(Phrase grounding data)
*** Block opens ***

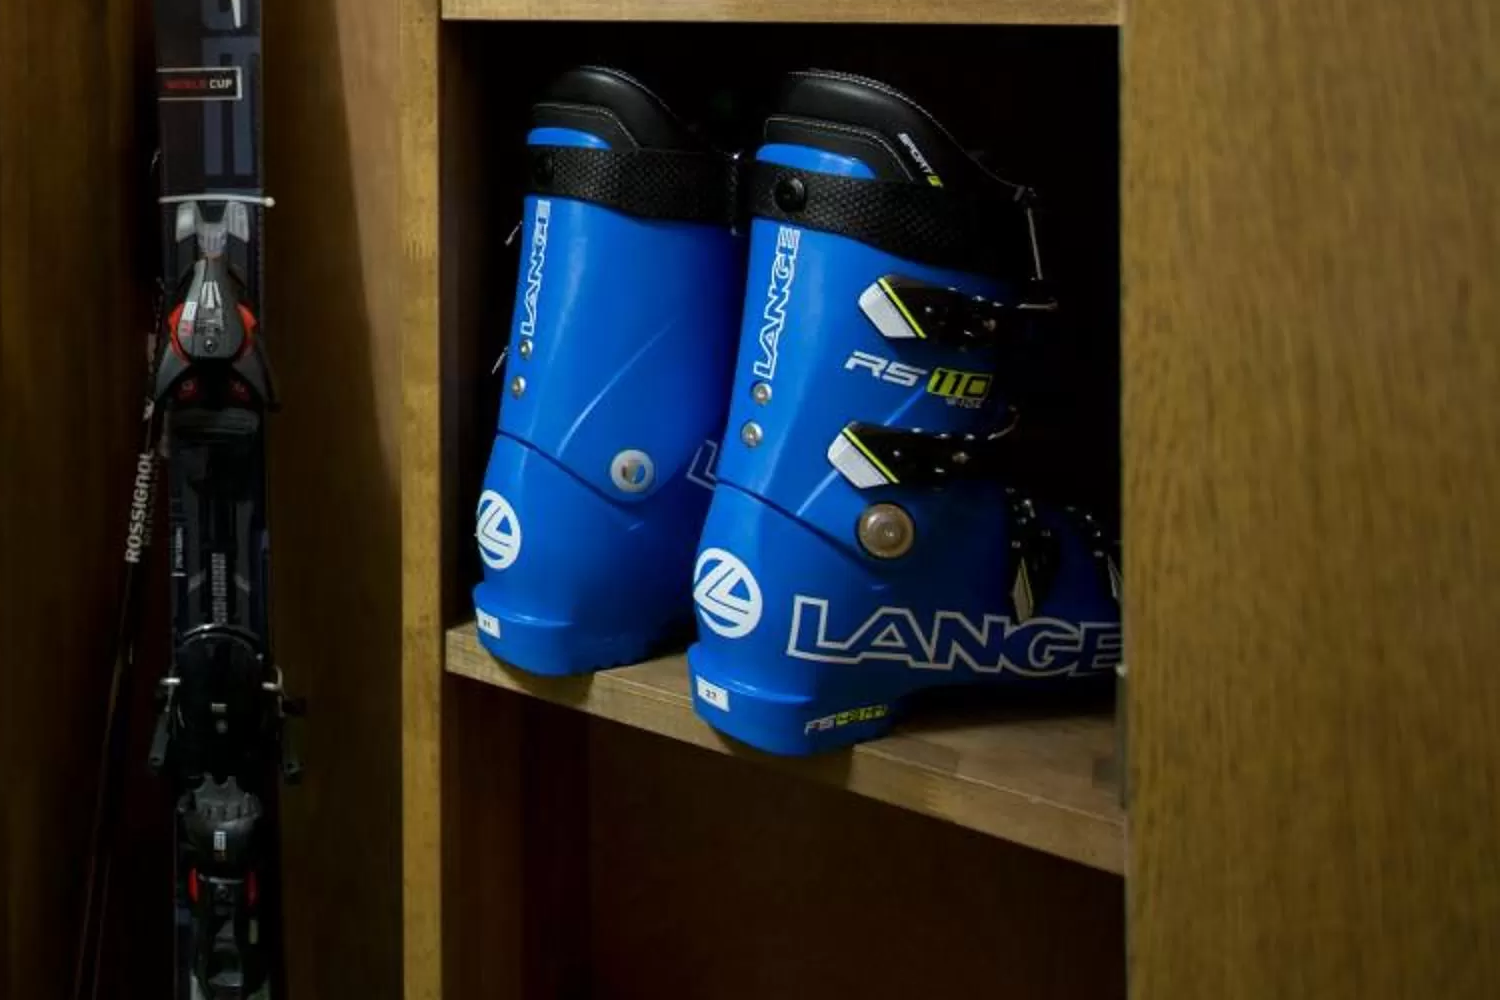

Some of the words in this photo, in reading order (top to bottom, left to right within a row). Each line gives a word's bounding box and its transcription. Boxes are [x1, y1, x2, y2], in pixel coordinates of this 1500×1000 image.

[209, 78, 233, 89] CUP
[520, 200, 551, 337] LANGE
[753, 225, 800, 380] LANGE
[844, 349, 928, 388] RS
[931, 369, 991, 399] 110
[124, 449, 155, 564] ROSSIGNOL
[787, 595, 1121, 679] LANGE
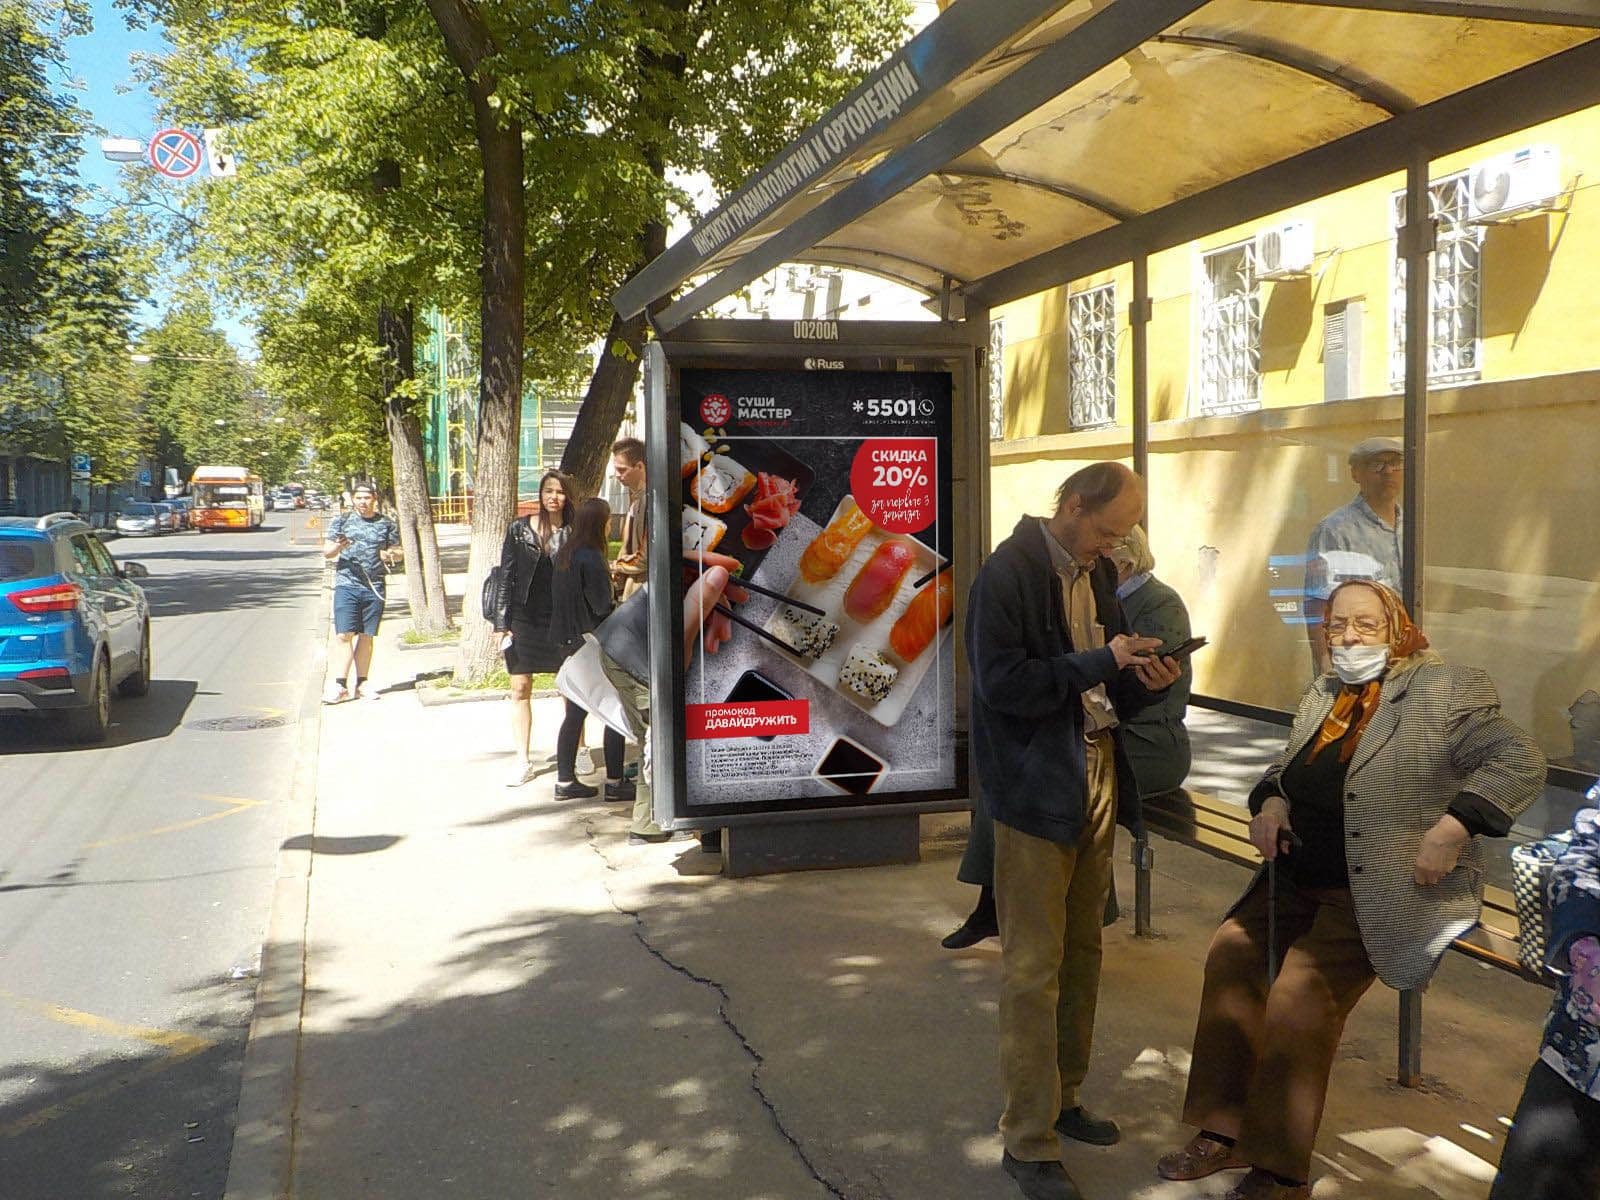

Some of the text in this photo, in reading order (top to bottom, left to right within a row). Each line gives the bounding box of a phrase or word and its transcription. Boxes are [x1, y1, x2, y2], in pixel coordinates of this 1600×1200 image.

*** Block closes ***

### Prompt
Write the data out again word for word; leave the pictures behind.

### Result for this exercise
Some of the words in this photo, in reading order (top to bottom, left to right within a row). Each line gives a word's bounding box and its transcription. Boxes are [x1, y1, x2, y2], in pixel coordinates of this 1500×1000 image.

[209, 78, 233, 89] CUP
[520, 200, 551, 337] LANGE
[753, 225, 800, 380] LANGE
[844, 349, 928, 388] RS
[931, 369, 991, 399] 110
[124, 449, 155, 564] ROSSIGNOL
[787, 595, 1121, 679] LANGE

Some of the text in this photo, in reading order (top to bottom, left to right within a row). Each line gives the bounding box of a phrase or word and its transcription. Boxes are [x1, y1, x2, y2], in pixel coordinates of this 1600×1200 image.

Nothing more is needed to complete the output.